* [SUPPLIED MATERIAL]
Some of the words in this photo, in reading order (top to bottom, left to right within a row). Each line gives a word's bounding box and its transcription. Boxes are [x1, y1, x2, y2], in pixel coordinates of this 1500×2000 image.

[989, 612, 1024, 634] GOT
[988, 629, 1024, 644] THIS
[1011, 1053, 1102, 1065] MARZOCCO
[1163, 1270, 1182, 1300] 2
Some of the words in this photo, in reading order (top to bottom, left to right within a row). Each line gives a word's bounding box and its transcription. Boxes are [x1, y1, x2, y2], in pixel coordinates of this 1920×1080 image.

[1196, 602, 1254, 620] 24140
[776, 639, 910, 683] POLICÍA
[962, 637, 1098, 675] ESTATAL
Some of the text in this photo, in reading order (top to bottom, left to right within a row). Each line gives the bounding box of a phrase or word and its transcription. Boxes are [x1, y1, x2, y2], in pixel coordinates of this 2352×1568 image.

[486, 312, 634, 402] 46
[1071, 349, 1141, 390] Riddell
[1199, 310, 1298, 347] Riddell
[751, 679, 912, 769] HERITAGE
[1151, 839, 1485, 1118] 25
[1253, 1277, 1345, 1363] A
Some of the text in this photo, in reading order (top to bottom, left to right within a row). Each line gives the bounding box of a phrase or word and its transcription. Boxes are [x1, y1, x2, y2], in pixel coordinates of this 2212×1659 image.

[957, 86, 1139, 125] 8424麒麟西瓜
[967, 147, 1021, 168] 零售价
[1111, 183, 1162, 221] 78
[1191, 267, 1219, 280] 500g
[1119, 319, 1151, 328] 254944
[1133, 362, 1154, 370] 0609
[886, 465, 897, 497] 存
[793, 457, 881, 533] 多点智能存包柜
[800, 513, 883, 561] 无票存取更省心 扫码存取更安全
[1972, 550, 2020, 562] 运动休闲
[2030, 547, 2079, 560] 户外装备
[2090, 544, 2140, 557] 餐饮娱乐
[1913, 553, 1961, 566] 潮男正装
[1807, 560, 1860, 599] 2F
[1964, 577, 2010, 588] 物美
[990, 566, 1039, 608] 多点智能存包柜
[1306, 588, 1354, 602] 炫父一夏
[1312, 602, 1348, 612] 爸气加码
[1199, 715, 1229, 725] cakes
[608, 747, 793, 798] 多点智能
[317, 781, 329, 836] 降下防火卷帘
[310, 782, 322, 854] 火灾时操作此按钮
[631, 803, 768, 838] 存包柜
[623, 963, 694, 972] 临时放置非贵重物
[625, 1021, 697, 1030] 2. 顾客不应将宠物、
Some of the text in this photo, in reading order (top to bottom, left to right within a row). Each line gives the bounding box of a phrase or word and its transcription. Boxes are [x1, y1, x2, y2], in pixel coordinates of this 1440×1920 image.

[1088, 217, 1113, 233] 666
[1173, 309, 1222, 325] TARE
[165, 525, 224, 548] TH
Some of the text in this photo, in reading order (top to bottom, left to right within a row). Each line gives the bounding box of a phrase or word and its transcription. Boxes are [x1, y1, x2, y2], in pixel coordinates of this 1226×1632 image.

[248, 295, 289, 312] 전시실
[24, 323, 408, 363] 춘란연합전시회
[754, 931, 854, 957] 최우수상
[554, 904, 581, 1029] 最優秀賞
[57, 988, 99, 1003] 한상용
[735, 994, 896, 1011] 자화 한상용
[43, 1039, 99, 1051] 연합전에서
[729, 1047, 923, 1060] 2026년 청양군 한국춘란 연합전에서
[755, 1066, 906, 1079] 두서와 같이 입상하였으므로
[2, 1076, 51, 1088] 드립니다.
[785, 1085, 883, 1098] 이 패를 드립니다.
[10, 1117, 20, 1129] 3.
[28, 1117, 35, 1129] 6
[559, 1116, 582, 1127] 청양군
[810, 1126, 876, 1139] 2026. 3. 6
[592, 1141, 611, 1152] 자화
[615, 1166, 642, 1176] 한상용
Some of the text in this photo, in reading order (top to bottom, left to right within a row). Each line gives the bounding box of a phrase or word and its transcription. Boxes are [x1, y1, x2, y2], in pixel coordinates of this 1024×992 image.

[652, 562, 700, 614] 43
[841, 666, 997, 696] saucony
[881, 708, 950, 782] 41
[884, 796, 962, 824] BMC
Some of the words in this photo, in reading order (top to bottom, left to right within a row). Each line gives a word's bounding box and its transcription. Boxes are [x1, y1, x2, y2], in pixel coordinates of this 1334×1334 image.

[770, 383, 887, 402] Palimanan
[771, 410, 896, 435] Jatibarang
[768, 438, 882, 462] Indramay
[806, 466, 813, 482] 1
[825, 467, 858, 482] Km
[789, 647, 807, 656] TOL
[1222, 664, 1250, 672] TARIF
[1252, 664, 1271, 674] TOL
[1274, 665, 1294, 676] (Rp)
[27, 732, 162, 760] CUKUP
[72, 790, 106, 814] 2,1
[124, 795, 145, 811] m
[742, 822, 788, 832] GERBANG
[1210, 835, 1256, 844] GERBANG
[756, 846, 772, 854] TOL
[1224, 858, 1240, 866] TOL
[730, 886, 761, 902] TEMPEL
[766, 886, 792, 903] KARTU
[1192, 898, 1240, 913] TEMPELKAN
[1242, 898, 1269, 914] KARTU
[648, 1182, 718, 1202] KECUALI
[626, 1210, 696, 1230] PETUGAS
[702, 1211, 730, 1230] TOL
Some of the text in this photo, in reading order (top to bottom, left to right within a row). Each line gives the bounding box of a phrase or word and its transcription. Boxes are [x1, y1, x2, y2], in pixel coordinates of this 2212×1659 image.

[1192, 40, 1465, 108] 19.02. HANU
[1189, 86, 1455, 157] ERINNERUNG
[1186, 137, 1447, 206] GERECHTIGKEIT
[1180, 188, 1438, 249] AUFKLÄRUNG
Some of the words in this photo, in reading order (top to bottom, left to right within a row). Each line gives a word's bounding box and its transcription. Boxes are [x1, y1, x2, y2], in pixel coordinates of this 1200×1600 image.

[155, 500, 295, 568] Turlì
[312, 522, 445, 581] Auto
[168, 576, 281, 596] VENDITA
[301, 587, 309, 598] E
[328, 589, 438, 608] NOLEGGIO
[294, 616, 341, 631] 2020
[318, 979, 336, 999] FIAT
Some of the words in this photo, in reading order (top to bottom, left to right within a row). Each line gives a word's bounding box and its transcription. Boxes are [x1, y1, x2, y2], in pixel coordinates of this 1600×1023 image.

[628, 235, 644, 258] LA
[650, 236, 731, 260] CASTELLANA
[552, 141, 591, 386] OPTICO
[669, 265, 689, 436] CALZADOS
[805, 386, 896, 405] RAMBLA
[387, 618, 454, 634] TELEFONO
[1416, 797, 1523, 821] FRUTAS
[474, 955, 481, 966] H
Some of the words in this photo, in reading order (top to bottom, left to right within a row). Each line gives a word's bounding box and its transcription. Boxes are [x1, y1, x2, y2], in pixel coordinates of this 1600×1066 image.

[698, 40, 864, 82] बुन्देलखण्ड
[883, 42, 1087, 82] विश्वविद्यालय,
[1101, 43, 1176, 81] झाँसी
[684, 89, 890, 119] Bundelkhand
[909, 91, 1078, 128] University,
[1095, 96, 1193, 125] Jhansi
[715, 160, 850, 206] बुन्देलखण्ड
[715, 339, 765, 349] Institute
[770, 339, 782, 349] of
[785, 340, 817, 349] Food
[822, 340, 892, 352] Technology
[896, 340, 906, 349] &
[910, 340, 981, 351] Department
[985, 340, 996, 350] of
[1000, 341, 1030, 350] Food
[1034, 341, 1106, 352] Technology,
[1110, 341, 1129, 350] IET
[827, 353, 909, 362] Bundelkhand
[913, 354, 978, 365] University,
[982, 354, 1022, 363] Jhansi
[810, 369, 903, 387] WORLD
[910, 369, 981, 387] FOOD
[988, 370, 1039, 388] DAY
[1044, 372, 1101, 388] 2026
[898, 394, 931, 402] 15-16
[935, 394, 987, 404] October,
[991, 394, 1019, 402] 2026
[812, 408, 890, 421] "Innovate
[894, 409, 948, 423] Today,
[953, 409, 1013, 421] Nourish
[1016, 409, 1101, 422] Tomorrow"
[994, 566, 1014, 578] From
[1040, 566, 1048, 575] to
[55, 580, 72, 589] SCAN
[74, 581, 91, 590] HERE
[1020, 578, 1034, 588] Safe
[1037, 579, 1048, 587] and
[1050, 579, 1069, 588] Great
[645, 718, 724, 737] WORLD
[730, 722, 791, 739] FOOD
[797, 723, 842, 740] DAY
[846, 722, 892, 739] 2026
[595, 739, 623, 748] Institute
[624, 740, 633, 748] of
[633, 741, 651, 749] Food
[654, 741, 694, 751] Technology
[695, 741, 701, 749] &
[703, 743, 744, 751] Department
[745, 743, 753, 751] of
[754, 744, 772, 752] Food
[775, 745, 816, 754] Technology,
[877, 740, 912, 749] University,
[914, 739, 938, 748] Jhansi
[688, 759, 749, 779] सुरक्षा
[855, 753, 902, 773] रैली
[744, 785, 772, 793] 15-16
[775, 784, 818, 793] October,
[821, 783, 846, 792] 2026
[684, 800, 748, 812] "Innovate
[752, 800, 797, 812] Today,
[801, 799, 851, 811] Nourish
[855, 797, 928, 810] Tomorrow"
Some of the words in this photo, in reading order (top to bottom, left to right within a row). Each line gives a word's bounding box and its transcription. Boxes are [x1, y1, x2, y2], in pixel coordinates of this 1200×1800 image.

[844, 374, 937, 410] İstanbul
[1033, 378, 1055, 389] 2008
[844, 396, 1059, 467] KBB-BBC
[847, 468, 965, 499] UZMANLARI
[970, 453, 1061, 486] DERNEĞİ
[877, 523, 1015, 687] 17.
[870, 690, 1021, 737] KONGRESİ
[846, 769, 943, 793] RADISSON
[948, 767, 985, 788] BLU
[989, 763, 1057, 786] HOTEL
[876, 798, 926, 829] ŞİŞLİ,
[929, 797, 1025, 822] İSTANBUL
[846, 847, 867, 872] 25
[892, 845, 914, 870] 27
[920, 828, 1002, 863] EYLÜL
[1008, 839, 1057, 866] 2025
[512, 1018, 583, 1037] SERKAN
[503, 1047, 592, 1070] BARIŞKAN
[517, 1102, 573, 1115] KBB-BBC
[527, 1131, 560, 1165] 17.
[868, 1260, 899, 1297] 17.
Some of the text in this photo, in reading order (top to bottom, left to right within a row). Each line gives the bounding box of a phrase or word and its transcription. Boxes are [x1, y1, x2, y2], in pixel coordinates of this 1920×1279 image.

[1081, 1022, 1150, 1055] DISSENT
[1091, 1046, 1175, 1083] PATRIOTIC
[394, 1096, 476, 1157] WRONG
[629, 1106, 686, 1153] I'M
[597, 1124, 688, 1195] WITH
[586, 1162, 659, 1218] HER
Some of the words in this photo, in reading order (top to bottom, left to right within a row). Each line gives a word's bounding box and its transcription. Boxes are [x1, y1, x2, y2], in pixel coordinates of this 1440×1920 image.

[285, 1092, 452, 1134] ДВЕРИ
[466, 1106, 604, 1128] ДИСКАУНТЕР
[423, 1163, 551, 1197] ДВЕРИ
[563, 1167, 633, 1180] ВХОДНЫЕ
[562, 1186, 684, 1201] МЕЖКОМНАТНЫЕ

* [PROBLEM REQUIREMENTS]
Retype, without any change, the lines from the one containing "this 1920×1279 image." through the final line of the material above, and no others.

* [EXPECTED OUTPUT]
Some of the text in this photo, in reading order (top to bottom, left to right within a row). Each line gives the bounding box of a phrase or word and its transcription. Boxes are [x1, y1, x2, y2], in pixel coordinates of this 1920×1279 image.

[1081, 1022, 1150, 1055] DISSENT
[1091, 1046, 1175, 1083] PATRIOTIC
[394, 1096, 476, 1157] WRONG
[629, 1106, 686, 1153] I'M
[597, 1124, 688, 1195] WITH
[586, 1162, 659, 1218] HER
Some of the words in this photo, in reading order (top to bottom, left to right within a row). Each line gives a word's bounding box and its transcription. Boxes are [x1, y1, x2, y2], in pixel coordinates of this 1440×1920 image.

[285, 1092, 452, 1134] ДВЕРИ
[466, 1106, 604, 1128] ДИСКАУНТЕР
[423, 1163, 551, 1197] ДВЕРИ
[563, 1167, 633, 1180] ВХОДНЫЕ
[562, 1186, 684, 1201] МЕЖКОМНАТНЫЕ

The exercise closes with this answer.